Now that data collection is complete, it’s time to get down to the fun stuff. But first, just to clear something up: people often ask me what a ‘corpus’ actually is. Good question. I like the definition provided by Gilquin & Gries in their 2009 article: to summarise their description, a corpus is:

– machine readable
– representative, meaning that it contains data for each part of the variety/register/genre it is supposed to represent
– balanced, meaning that the size of its constituent parts are proportional to the parts of the variety/register/genre the corpus is supposed to represent (this being … er … a ‘theoretical ideal’ given the absence of reliable data on the proportional makeup of genres etc. in any given variety/language).

So: a corpus is a collection of texts that is stored and can be analysed electronically, and designed so as to promote generalisability of the findings to a wider population.

Prima. So now that we have collected the texts (in a carefully balanced, representative way, naturally), the next step is to convert them into the appropriate electronic form. For reasons I won’t go into here, that form is currently XML. To do this, we’re using a software development platform called Eclipse. You first need to set up a DTD (document type definition) file, which is a sort of template that sets up the rules for how you will present the data. From this file you then generate your (hundreds of!) XML files. In each file, you can then insert not just the text itself, but also all the metadata relating to the text: that is, the information that everyone who contributed a text indicated in the questionnaire. In the image below (excuse the quality; no time to fix it at present), you can see that this data is simply entered in the right-hand column.

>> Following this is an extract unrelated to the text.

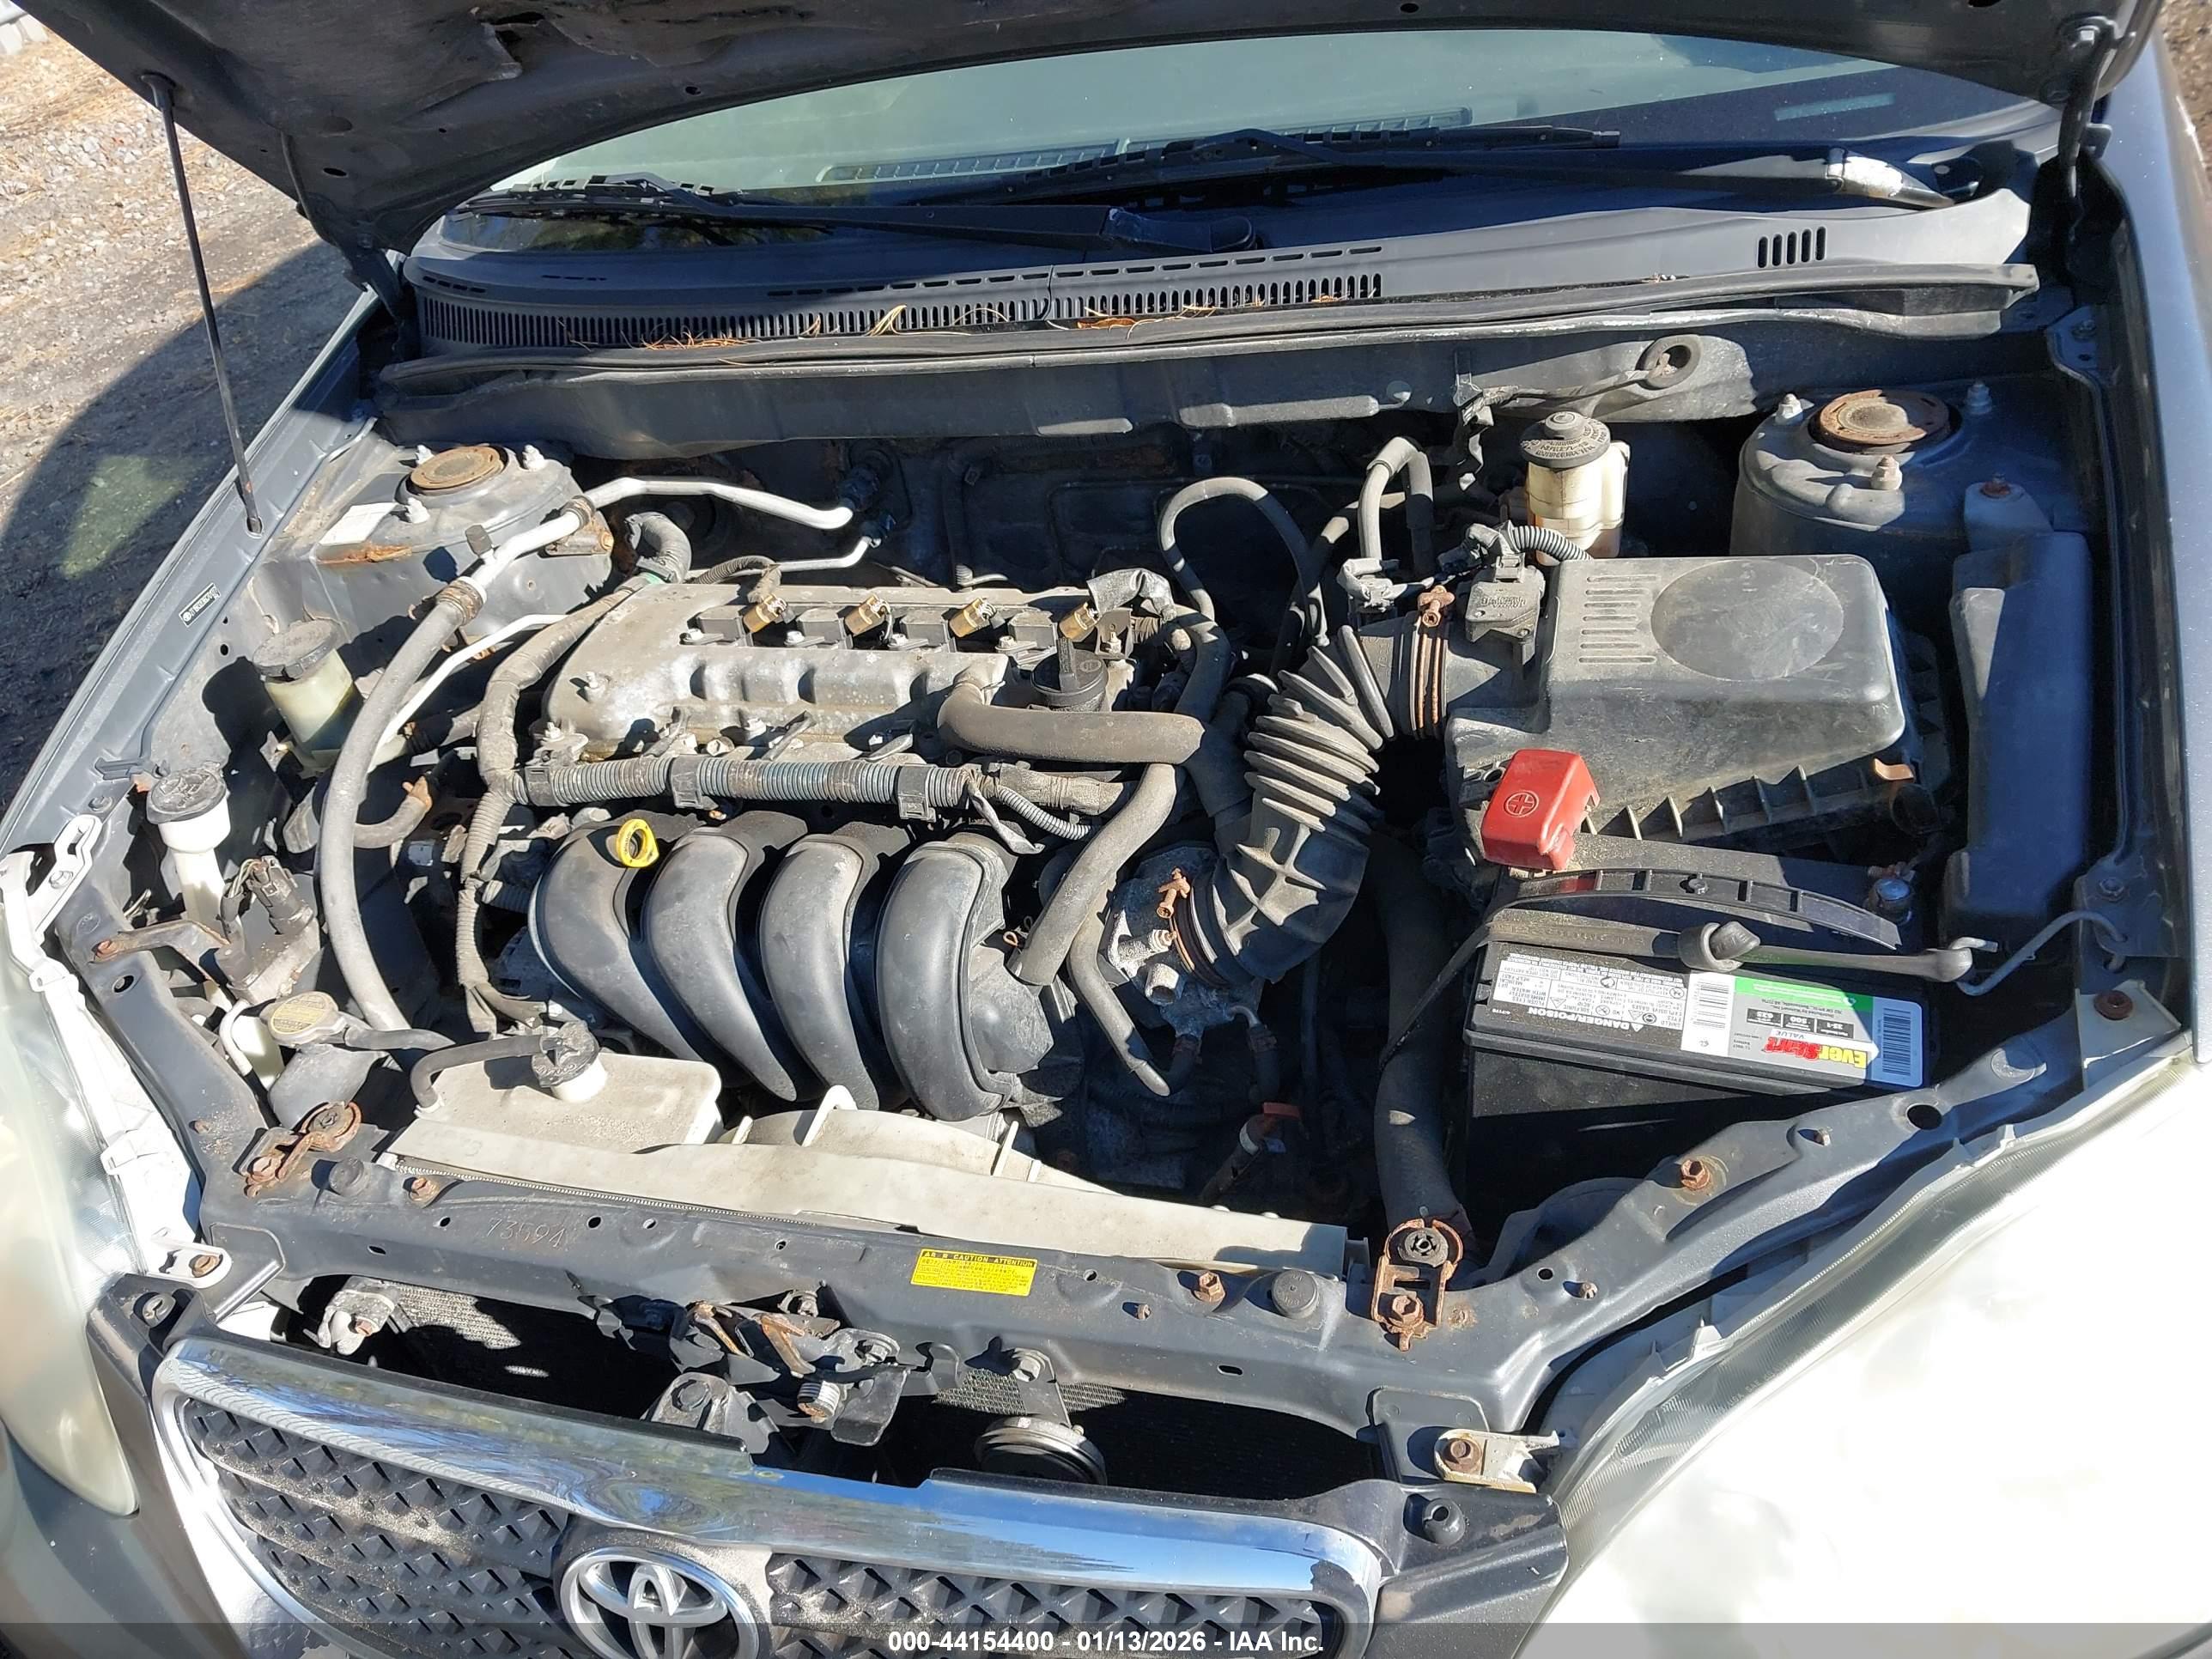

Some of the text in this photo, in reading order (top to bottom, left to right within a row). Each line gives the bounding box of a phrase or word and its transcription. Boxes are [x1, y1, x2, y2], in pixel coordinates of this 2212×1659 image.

[1527, 1006, 1629, 1030] DANGER/POISON
[1775, 1030, 1804, 1039] VALUE
[1764, 1036, 1868, 1068] EverStart
[953, 1254, 989, 1262] CAUTION

In the source code, if you like this sort of thing, it looks like this:

These metadata fields are important because they will allow us, later, to search the corpus according to different properties; for example, you might want to look only at texts written by women, or only women with a high education level, or only acrobats aged 70+ with red hair from the south of the country who only eat cheese on Tuesdays, etc.

So this, among a million other things, is what I’m up to at the moment. Along with textual markup, but more on that later …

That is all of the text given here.